The time course of binding of the fluorescent stilbene anion exchange inhibitor. DBDS (4.4'-dibenzamido-2.2'-stilbene disulfonate), to band 3 can be measured by the stopped-flow method. We have previously used the reaction time constant. tau DBDS, to obtain the kinetic constants for binding and, thus, to report on the conformational state of the band 3 binding site. To validate the method, we have now shown that the ID50 (0.3 +/- 0.1 microM) for H2-DIDS (4.4'-diisothiocyano-2.2'-dihydrostilbene disulfonate) inhibition of tau DBDS is virtually the same as the ID50 (0.47 +/- 0.04 microM) for H2-DIDS inhibition of red cell Cl- flux, thus relating tau DBDS directly to band 3 anion exchange.
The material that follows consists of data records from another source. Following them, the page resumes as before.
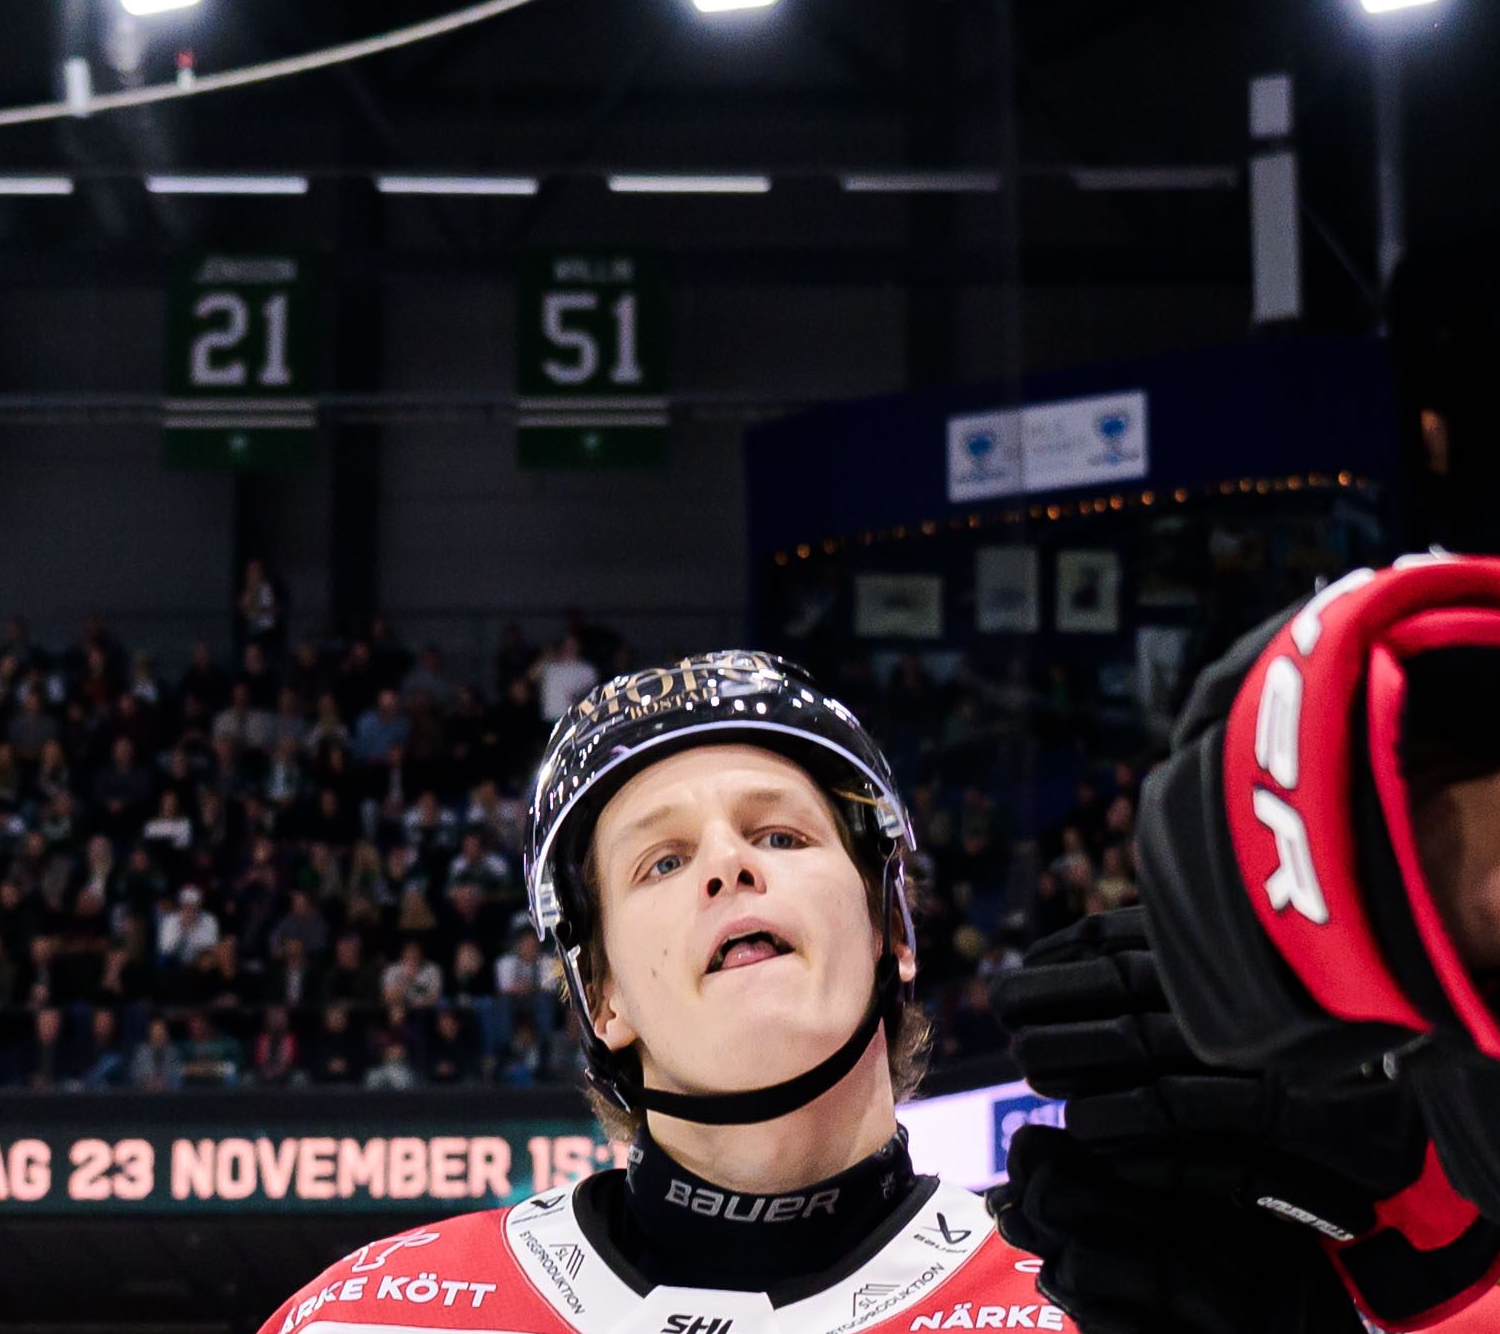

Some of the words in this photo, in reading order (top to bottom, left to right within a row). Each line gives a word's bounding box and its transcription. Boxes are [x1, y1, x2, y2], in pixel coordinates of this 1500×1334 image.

[188, 291, 294, 387] 21
[539, 291, 644, 386] 51
[68, 1139, 155, 1202] 23
[171, 1135, 510, 1202] NOVEMBER
[664, 1177, 841, 1223] BAUER
[376, 1271, 498, 1308] KÖTT
[908, 1301, 1066, 1333] NÄRKE
The specific glucose transport inhibitor, cytochalasin B, causes significant changes in tau DBDS, which can be reversed with intracellular, but not extracellular, D-glucose, ID50 for cytochalasin B modulation of tau DBDS is 0.1 +/- 0.2 microM in good agreement with KD = 0.06 +/- 0.005 microM for cytochalasin B binding to the glucose transport protein. These experiments suggest that the glucose transport protein is either adjacent to band 3, or linked to it through a mechanism, which can transmit conformational information. Ouabain (0.1 microM), the specific inhibitor of red cell Na+,K+-ATPase, increases red cell Cl- exchange flux in red cells by a factor of about two. This interaction indicates that the Na+,K+-ATPase, like the glucose transport protein, is either in contact with, or closely linked to, band 3. These results would be consistent with a transport protein complex, centered on band 3, and responsible for the entire transport process, not only the provision of metabolic energy, but also the actual carriage of the cations and anions themselves.